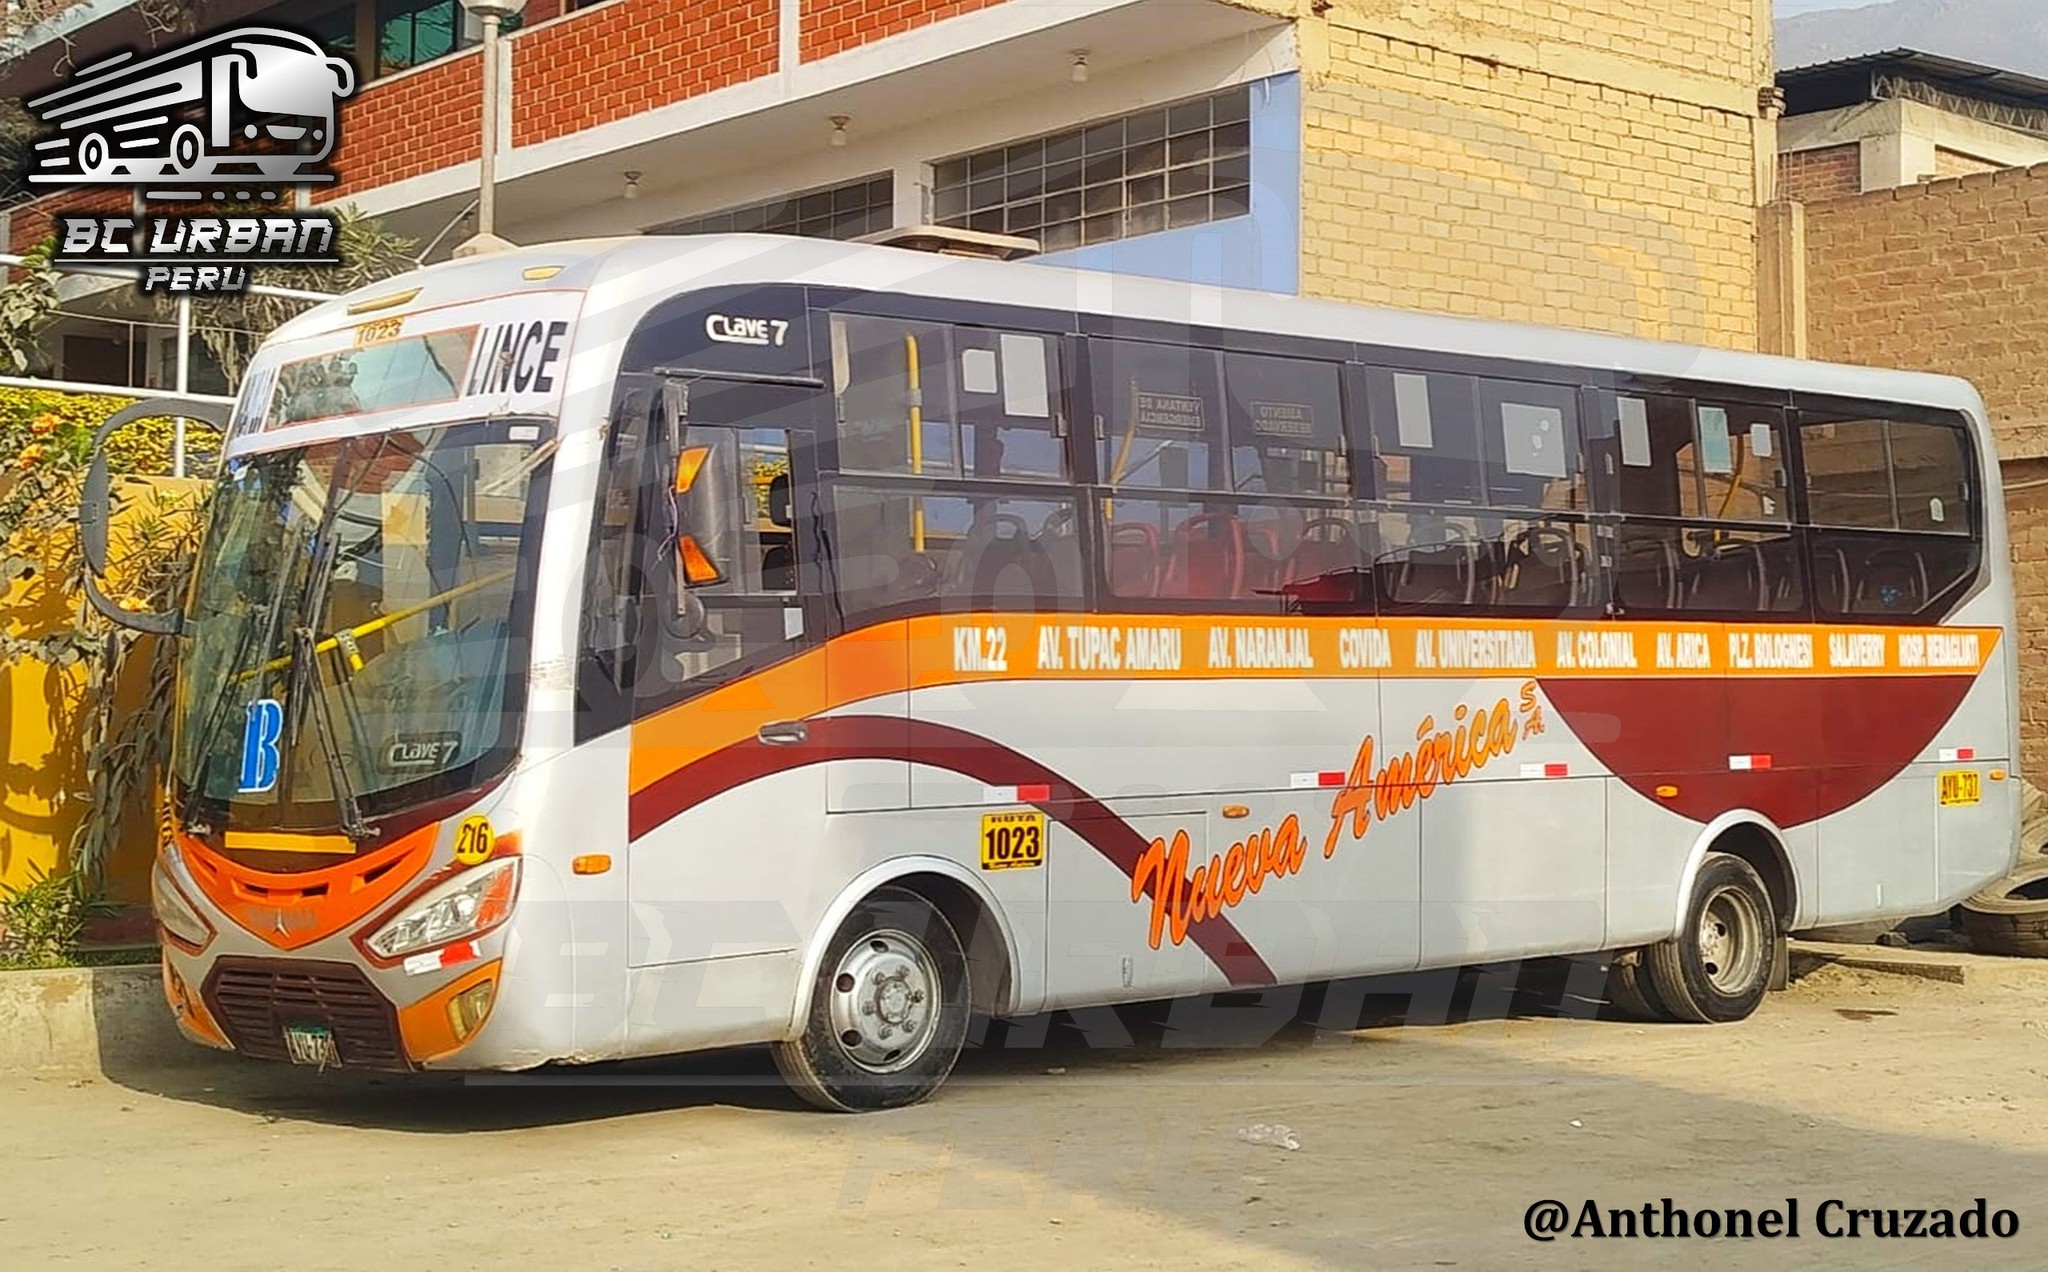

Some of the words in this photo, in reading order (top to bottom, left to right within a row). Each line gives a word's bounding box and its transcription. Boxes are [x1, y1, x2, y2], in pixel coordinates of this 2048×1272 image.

[356, 319, 402, 345] 1023
[769, 319, 789, 346] 7
[465, 320, 569, 397] LINCE
[953, 626, 1008, 672] KM.22
[1037, 626, 1064, 670] AV.
[1067, 627, 1121, 670] TUPAC
[1125, 627, 1182, 670] AMARU
[1208, 627, 1232, 668] AV.
[1234, 627, 1314, 669] NARANJAL
[1339, 628, 1392, 668] COVIDA
[1415, 629, 1436, 668] AV.
[1438, 629, 1537, 668] UNIVERSITARIA
[1556, 631, 1576, 668] AV.
[1577, 631, 1638, 668] COLONIAL
[1676, 632, 1711, 668] ARICA
[238, 698, 284, 793] B
[435, 740, 459, 765] 7
[1940, 773, 1980, 799] AYU-737
[456, 821, 490, 854] 216
[1131, 813, 1307, 950] Nueva
[1324, 698, 1519, 859] América
[985, 825, 1041, 860] 1023

· · ·

▶ **Work instruction**
An exact copy of every line above is needed, without the images.

▶ **Response**
Some of the words in this photo, in reading order (top to bottom, left to right within a row). Each line gives a word's bounding box and its transcription. Boxes are [x1, y1, x2, y2], in pixel coordinates of this 2048×1272 image.

[356, 319, 402, 345] 1023
[769, 319, 789, 346] 7
[465, 320, 569, 397] LINCE
[953, 626, 1008, 672] KM.22
[1037, 626, 1064, 670] AV.
[1067, 627, 1121, 670] TUPAC
[1125, 627, 1182, 670] AMARU
[1208, 627, 1232, 668] AV.
[1234, 627, 1314, 669] NARANJAL
[1339, 628, 1392, 668] COVIDA
[1415, 629, 1436, 668] AV.
[1438, 629, 1537, 668] UNIVERSITARIA
[1556, 631, 1576, 668] AV.
[1577, 631, 1638, 668] COLONIAL
[1676, 632, 1711, 668] ARICA
[238, 698, 284, 793] B
[435, 740, 459, 765] 7
[1940, 773, 1980, 799] AYU-737
[456, 821, 490, 854] 216
[1131, 813, 1307, 950] Nueva
[1324, 698, 1519, 859] América
[985, 825, 1041, 860] 1023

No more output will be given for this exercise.